It's the third Thursday of every month, and I don't know what time you guys would like
to have that available to you, but we're going to have an open meeting where anybody can
come with any issue like that, and we're going to have lawyers on that meeting, and any doctor,
nurse, whoever wants to show up, so we're going to have this third Thursday meeting dealing
with these issues so that we can continually address questions to the extent that we can.
I don't know everything, we don't know everything, but the other thing that would provide us,
it gives us a heads up, it gives us an early warning signal as to what's happening in the
community, right?
What's happening at this college or that college?
What are the medical students having to do now?
What college has reinstituted some other kind of controls on the students?
We need an early warning system.
The third Thursday meeting is going to help provide that.
We're already doing this just on the legal side with the attorneys every Monday we meet,
it's not recorded, you just open it up to whatever anybody brings, and we get a real
sense of what's happening with all the litigation nationally from those meetings, and what's
the current concern?
I want to do the same thing, but to have a medical legal opportunity to do that.
So we're figuring that out, but we already decided third Thursdays it's going to be there,
we're going to just start doing it and see what happens.
That's what we did with the attorneys, it's turned out to be a wonderful thing, so we're
going to try to replicate that more on the medical side, focused on that, because we
do a lot of employment, false claims, other things, but go ahead.
Could you go through some of the implications of Brooks case, if it's successful, like could
this actually get rid of the liability protection from Pfizer?
Yeah, of course, that's the whole point, it's fraud, we've proved fraud, they're done, they're
also bankrupt, technically the penalties on the case are, I think they're growing now,
I think we're up to $4 trillion, so Pfizer doesn't have $4 trillion, obviously, but they
would force them into bankruptcy, they have some intellectual property, we might be able
to parcel out to some new companies with some ethical behavior, but their intellectual property,
what they do, they go into bankruptcy, if we were to win, it breaks them up and it spreads
their intellectual property all around, people can buy it, go ahead.
Hi, I'm a physician and I did pulmonary critical care through all of this COVID stuff, and
I was fortunate enough that I did work in an institution where they allowed me to do
the FLCC protocol, but not without grief, for sure.
But through all of that, there's nothing I want more than justice, justice for the patients,
justice for the doctors that suffered, justice for the unvaccinated people who were shamed
and denied surgeries or transplants, or people not being able to come in and see their families,
I told Senator Ron Johnson, we need to never let that happen again, where we shut down
the hospitals and no one is allowed in to see their families, I used to have to beg administrators
to please let in a child to see their father in the ICU not doing well, confused and agitated
and all we needed was a family member to just come in there and calm them down, instead
of giving them drugs after drugs after drugs, but I would love to offer my services to Freedom
Council to review charts, to do whatever I need to do, and I'm still on the plane, I'm
reading through LSAT books thinking, I'm thinking I want to go to law school.
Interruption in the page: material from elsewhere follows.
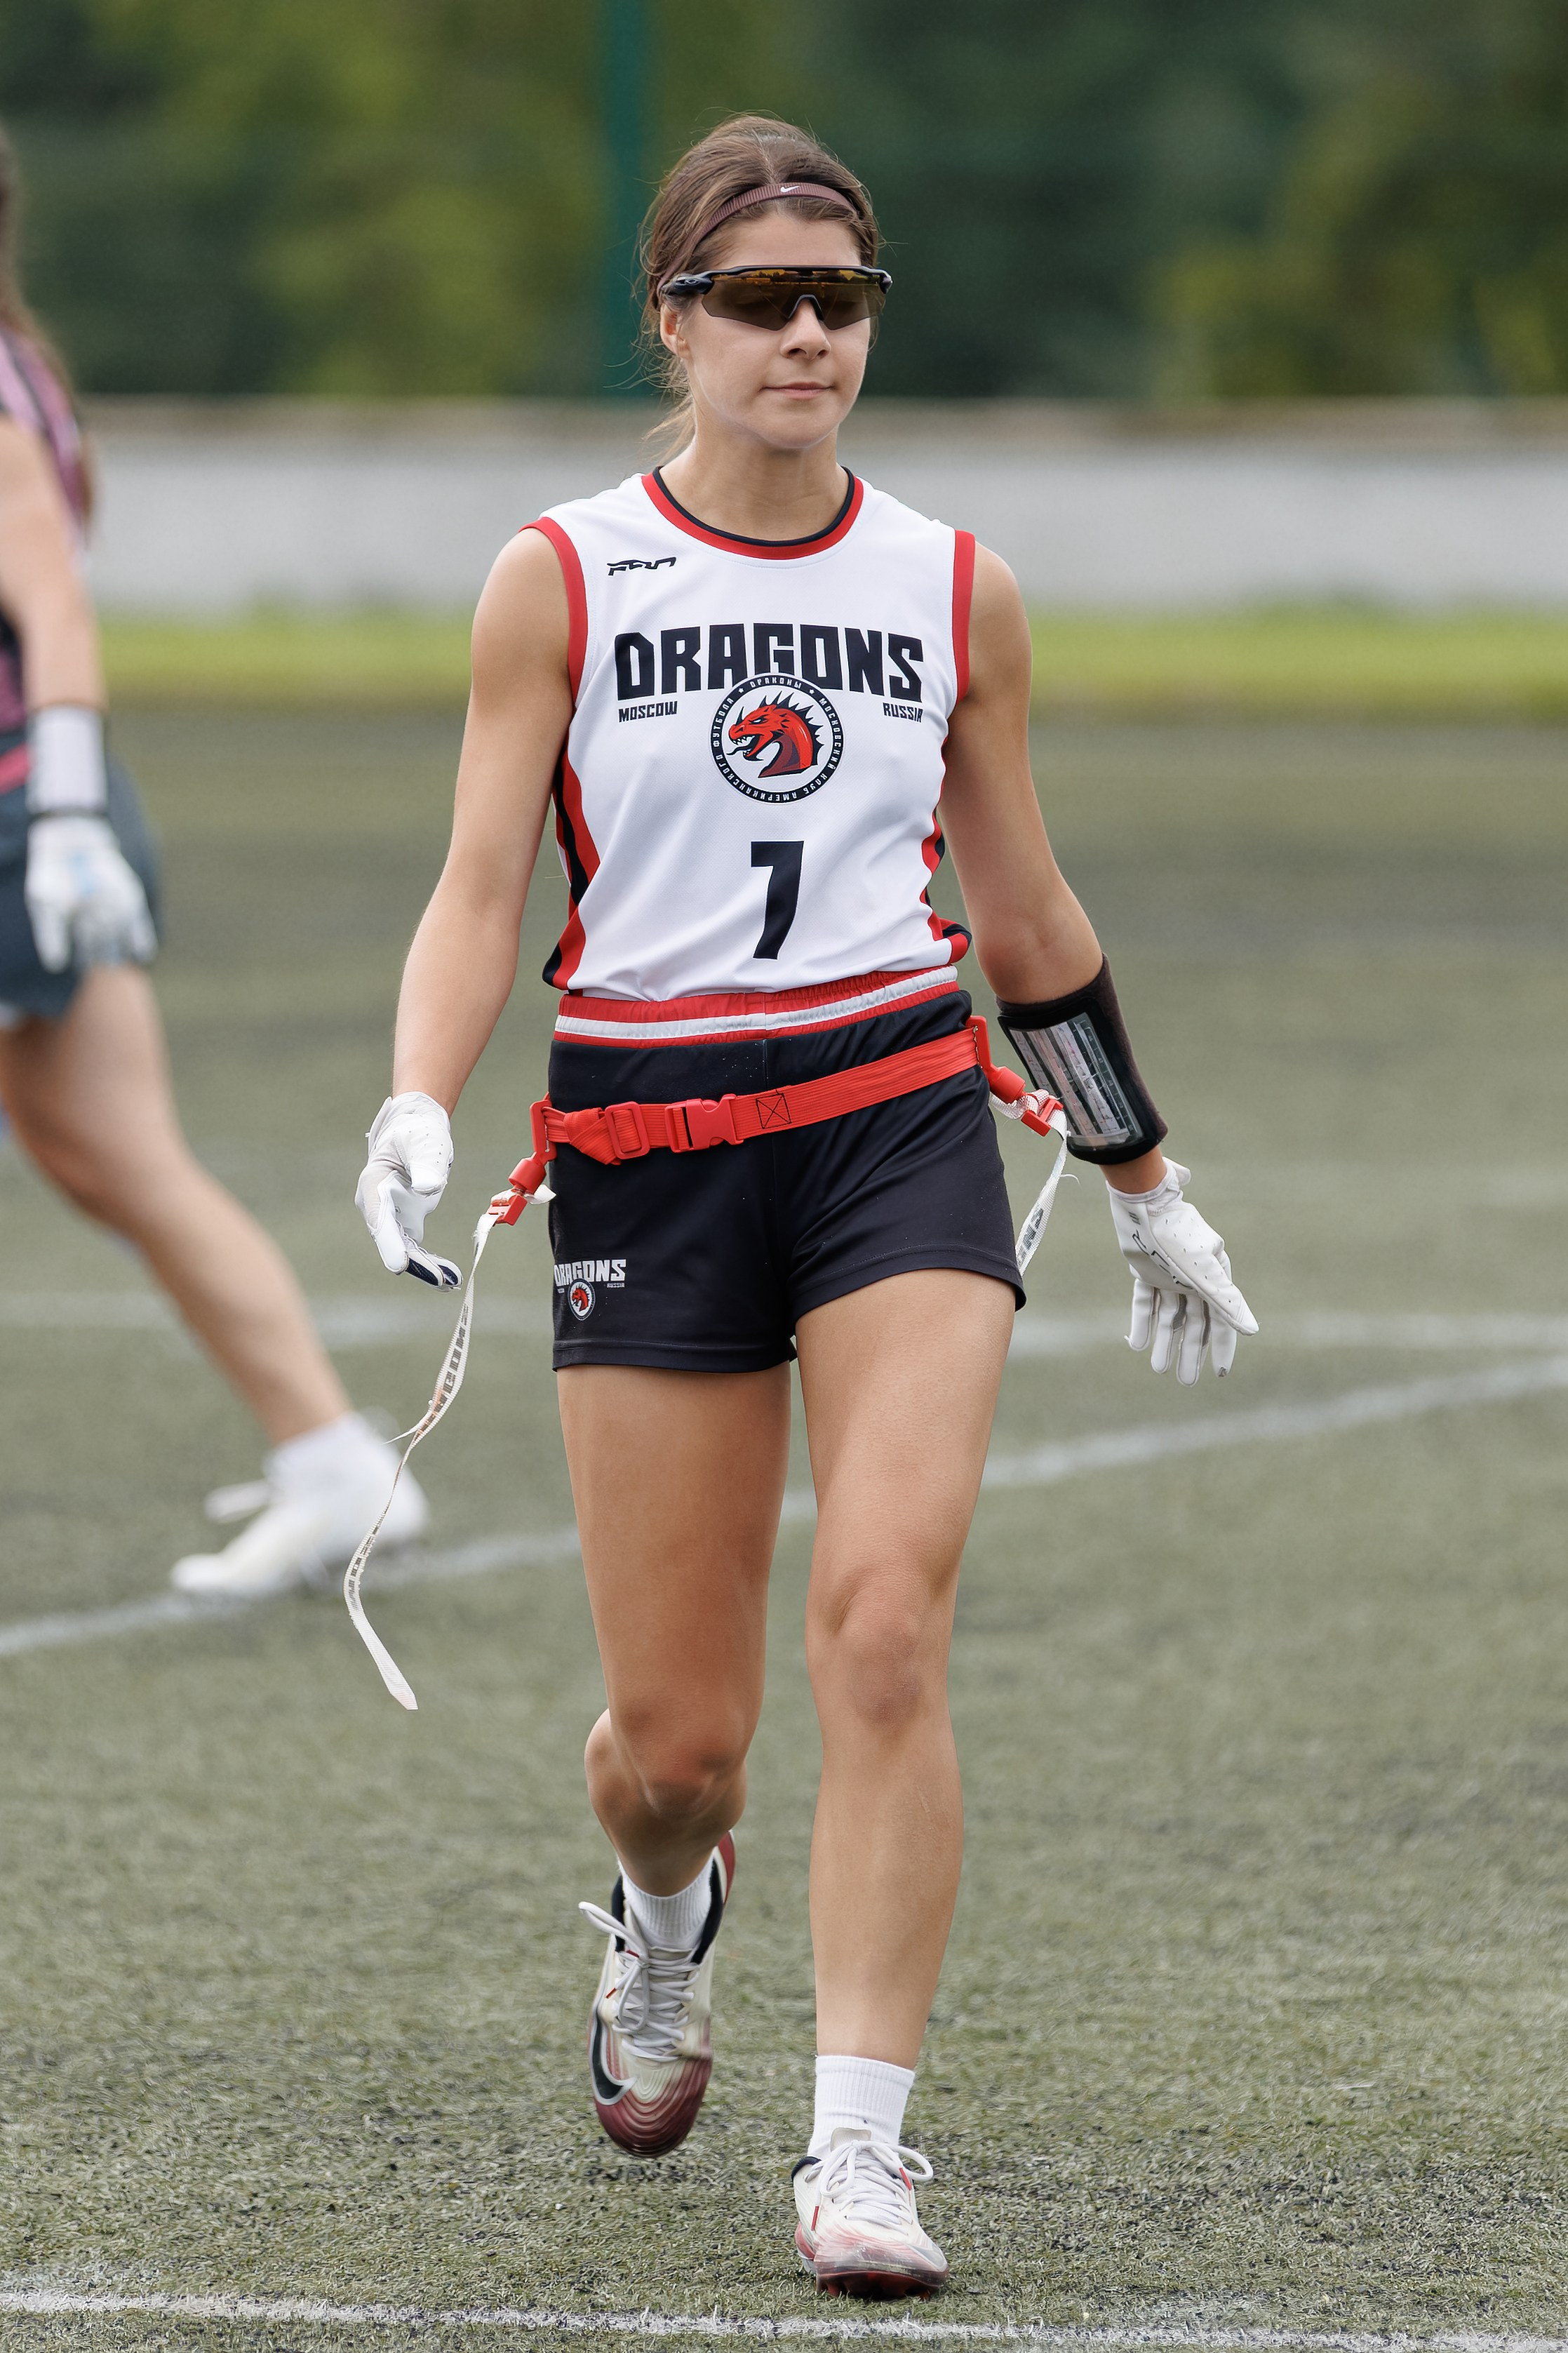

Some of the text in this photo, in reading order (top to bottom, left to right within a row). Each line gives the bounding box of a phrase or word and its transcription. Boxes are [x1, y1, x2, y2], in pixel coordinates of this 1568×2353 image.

My son is at Nebraska right now and he wants to attend law school and I have him fired
up and I'm thinking, you know, in three years buddy, when you go, maybe I'll go with you.
Woo!
You know, from a legal career perspective, I've got to tell you, you guys probably get
the sense, I've got sadness, I've got all kinds of things I've got to deal with, but
I also have joy in what I'm doing.
This is the most interesting litigation I've ever done in my life and we're doing everything
we can to work out the structures and methodologies to hold people accountable and we're litigating
the refounding of the country basically.
Our litigation refounds the country and that's what we're doing.
What more exciting thing to do than to read the first paragraph of the Constitution and
try to apply it, right?
Oh man, I'm so sorry and you guys saw me and it hits me, I cry at the weirdest times just
because we get, I'm a guy, I had brothers, you don't cry, but I deal with, it is really
hard to deal with, you know, every day we're hearing about death, you know, I mean, you
know, eh, you know, I'm thinking of one right now, eh, six-year-old girl died this week
after getting some shots, so, eh.
My grandbabies are three and two so you see where I am and I was on the phone with my
daughter.
I mean, she's, you know, I beat her ear but after that happened I was like, listen, her
youngest is going to preschool, I said, look, you do not let them tell you that that child
has to have a vaccine to go to that preschool and Ohio does have a pretty good structure.
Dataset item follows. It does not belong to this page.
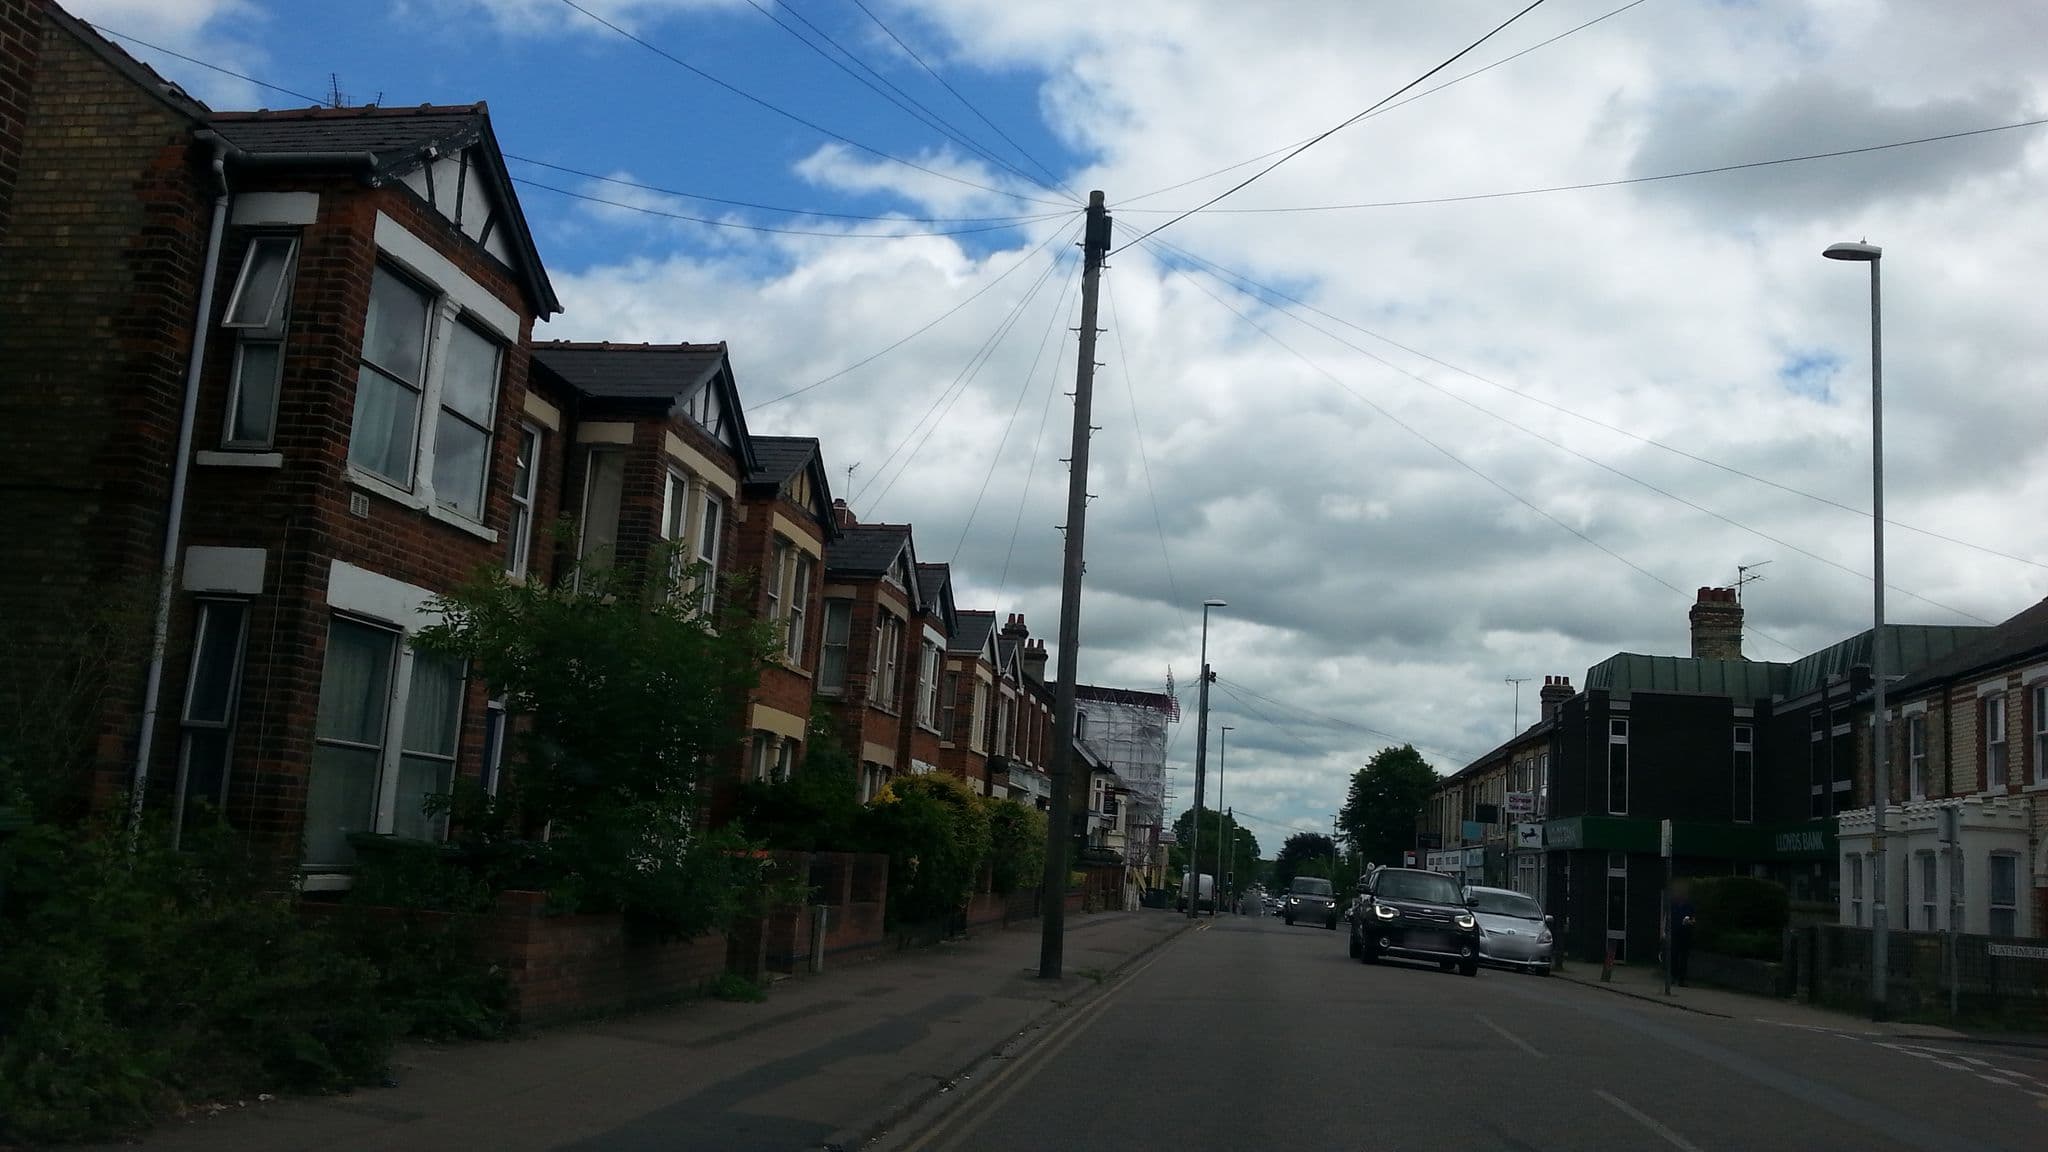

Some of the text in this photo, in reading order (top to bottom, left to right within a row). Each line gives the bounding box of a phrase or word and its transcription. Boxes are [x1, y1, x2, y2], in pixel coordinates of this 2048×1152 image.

We know how to fight in Ohio and I can get her into the public, it's a public school,
it's a good public school but I know they're going to come up with the vaccine requirements.
So, you know, after that, I mean, I was like, man, you know, I was on the phone with my
wife and I'm telling her about this, I'm like, oh my God, you know, I know I beat my daughter's
ear about this but I'm conferencing her in, this is killing me, you know, ah, you know,
I mean, as parents, you know, I guess we put ourselves out there because, you know, gosh,
if we just, I have never, you know, if we lost a child it's just devastating and even
though, you know, I will, I'm going to share a little bit, we did lose a child at birth
so it touches me very deeply and I cannot imagine losing your child so, that was, it's
a while ago but you never get over it, you never get over it.
So my dad used to tell us every time, you know, when we'd go, why, pop, why, and he goes,
well, you're dealing with people that say, please don't confuse me with the facts.
So I have a question regarding precedent law, how does precedent law act in your favor
or not in your favor and then also, when is Nuremberg 2.0, is this real or not real, are
we going to institute it and where is it governing in today and do you know Seth Keshel?
Do I know who, what?
Seth Keshel, he is a statistician that used to be in the military and he's traveled the
United States trying to document fraud in all the counties.
Let's make the connects, yeah, please.
Very good question, California in its state, in its state legislation has the Nuremberg
Code in it, they passed it specifically, so guess what's in our case, the Nuremberg Code.
Now we're fighting about it right now, it was one of the things that the judge doesn't
like but she gave us a chance to amend, we're trying to adjust to get that in our case.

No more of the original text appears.